Aramark Opts To Go Private

Target: Aramark Corp.

Sponsors: Joseph Neubauer, GS Capital Partners, CCMP Capital Advisors, Thomas H. Lee Partners, Warburg Pincus

Purchase Price: $8.3 billion

Financial Advisors: Sponsors: Goldman, Sachs & Co., J.P. Morgan Securities Inc., Sellers: Credit Suisse Securities (USA) LLC

Legal Counsel: Sponsors: Simpson Thacher & Bartlett LLP, Sullivan & Cromwell LLP, Wachtell Lipton Rosen & Katz; Sellers: Shearman & Sterling LLP

Publicly-traded food and services giant Aramark Corp. has agreed to be taken private by a consortium of private equity firms for $8.3 billion, including the assumption of about $2 billion in debt. Aramark’s Chairman and CEO, Joseph Neubauer, is leading the buying team—which includes GS Capital Partners, CCMP Capital Advisors (FKA: JPMorgan Partners), Thomas H. Lee Partners and Warburg Pincus.

The buyers originally expressed their interest in taking Aramark off of the New York Stock Exchange—where it trades under ticker symbol “RMK”—in May, when the group made a $32-per-share bid for the Philadelphia company. The current agreed-to price values each share at $33.80.

Aramark’s board of directors has approved the current deal and will recommend that stockholders do the same. But resistance to the sale could potentially come from Aramark’s second-largest outside shareholder, New York hedge fund Eminence Capital, which said in early May that the company was worth at least $40 per share. Eminence currently owns about 9.2% of Aramark’s Class B shares.
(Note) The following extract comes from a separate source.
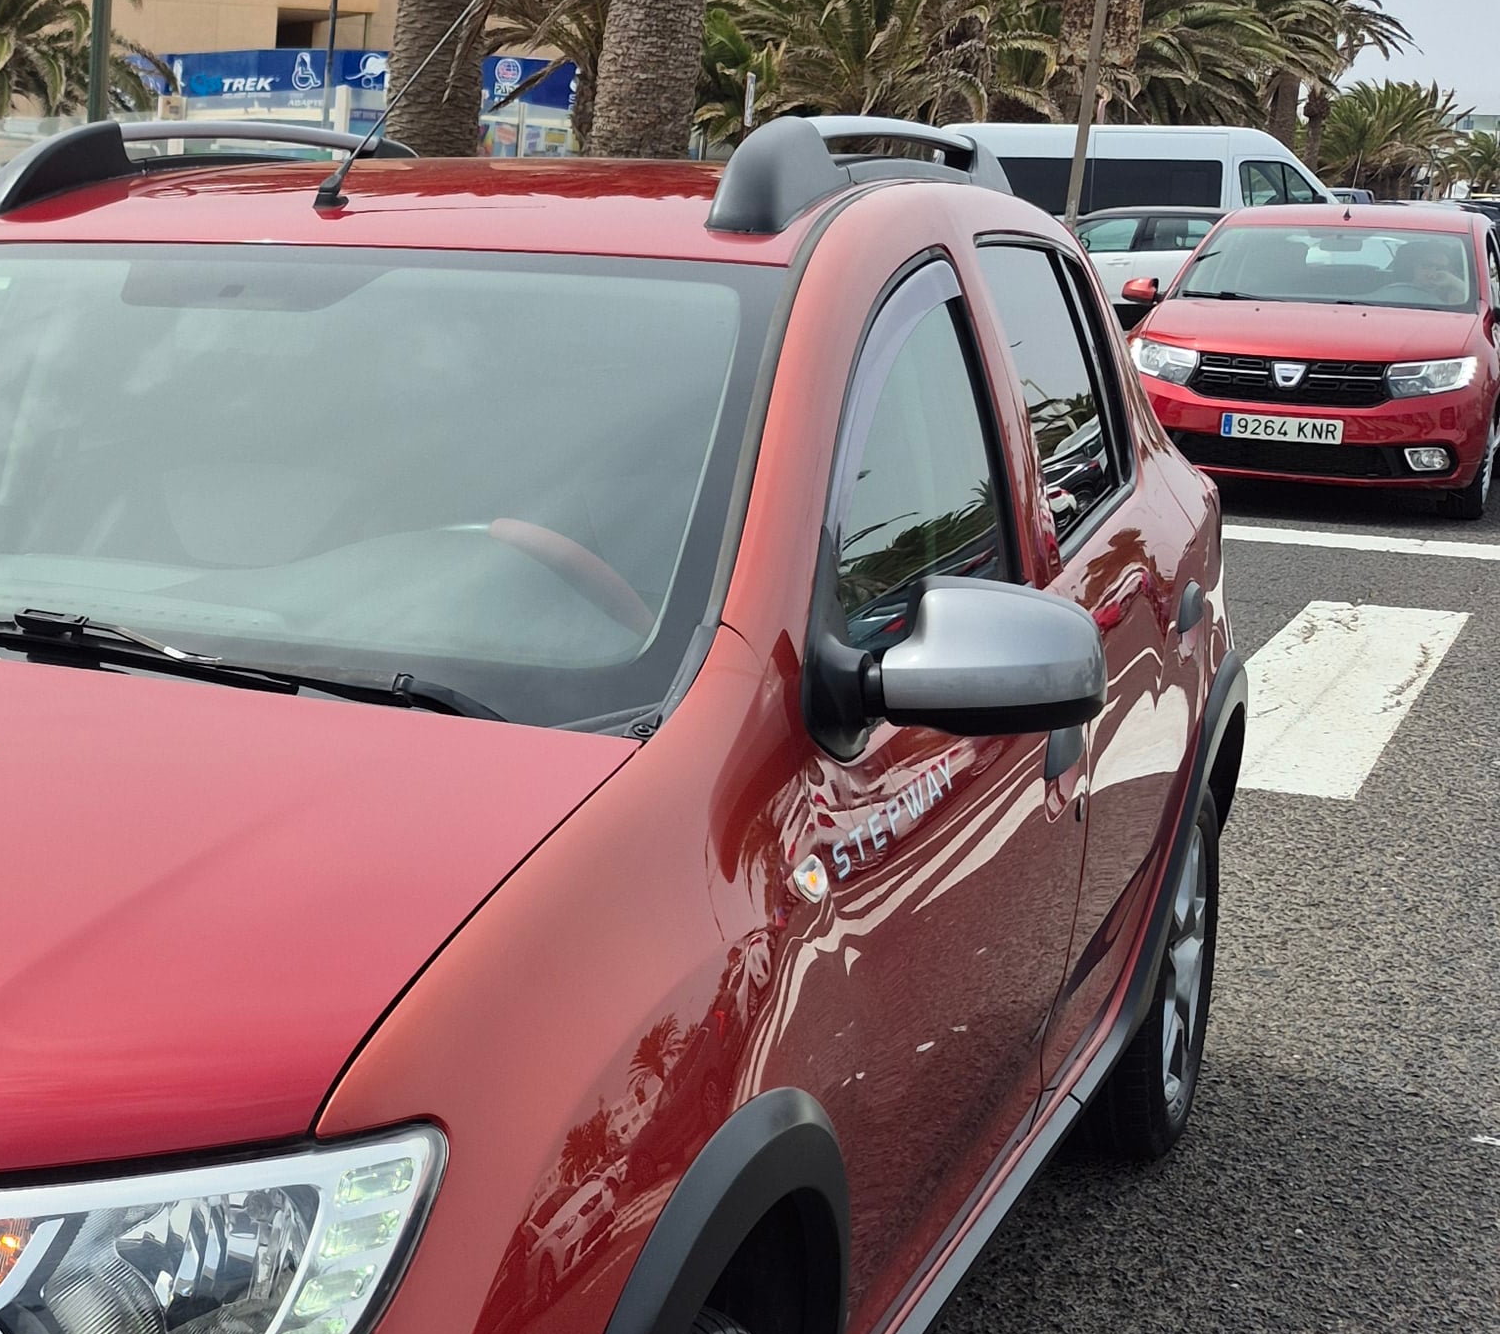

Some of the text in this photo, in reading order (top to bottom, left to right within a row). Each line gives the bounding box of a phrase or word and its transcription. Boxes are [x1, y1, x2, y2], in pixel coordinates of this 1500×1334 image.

[1236, 417, 1338, 441] 9264 KNR
[831, 755, 953, 881] STEPWAY
Citigroup analysts, in a note from mid-May, pegged Aramark’s value between $35 and $36 per share.

But the fact that the buying team includes Aramark management bodes well for the chances that the deal will close at its current terms. “[Neubauer] has been at the helm since 1983, and has been on the board since 1979, and in some respects is seen as being Aramark,” according to a research note written by Citigroup Analyst Leone Young.

His presence also serves as a deterrent for competing PE bids, since any rival consortium would lack his intimate knowledge of Aramark’s prospects, not to mention the possibility of having to run the food services company with a new core management team. “The asymmetric information advantages he holds causes us to conclude there is a low probability of a competing offer emerging,” Young penned.

Seventy-year-old Aramark has come a long way since its founding as a small vending machine company focused on serving California’s aviation industry. Today about 86% of Aramark’s nearly $11 billion in annual revenues is generated from providing food and facilities management services to customers in the business, education, healthcare, government, and sports and entertainment fields. The remainder comes from the company’s uniform rental and sale business. With approximately 240,000 employees, Aramark serves clients in 19 countries.

Neubauer’s legend with Aramark has its roots in 1984, when he fought off a Drexel Burnham Lambert-funded hostile takeover attempt, opting instead to consummate a home-baked MBO of the company. To facilitate the move, Neubauer mortgaged his house, took out a personal loan, and amassed an army of 70 other executives to keep the raiders at bay. “I felt an obligation to the people who worked with me,” he told BusinessWeek in a 2002 interview. “We wanted to control our destiny.”

Each party in the latest public to private, including Neubauer, will reportedly take a 20% stake in the company. JP Morgan Chase Bank N.A., J.P. Morgan Securities, Inc. and Goldman Sachs Credit Partners L.P. will provide debt financing for the deal.

The buying consortium does have substantial experience in food and food-related industries, though not necessarily on the same scale as Aramark. JPMorgan Partners has already realized its investment in Specialty Meat Group and is the current owner of Quiznos. Warburg Pincus is currently an investor in Radhakrishna Foodland, a Mumbai, India-based provider of logistics and value-added services to food service operators and retail stores, while TH Lee currently holds Michael Foods Inc., which it reportedly put on the auction block.

Aramark tapped Credit Suisse Securities (USA) LLC to serve as advisor, while Shearman & Sterling LLP served as legal counsel to the special committee.

The buy-side enlisted Goldman, Sachs & Co. and J.P. Morgan Securities Inc. for financial advice, while Simpson Thacher & Bartlett LLP, Sullivan & Cromwell LLP and Wachtell, Lipton, Rosen & Katz are looking out for their legal interests. —A.N.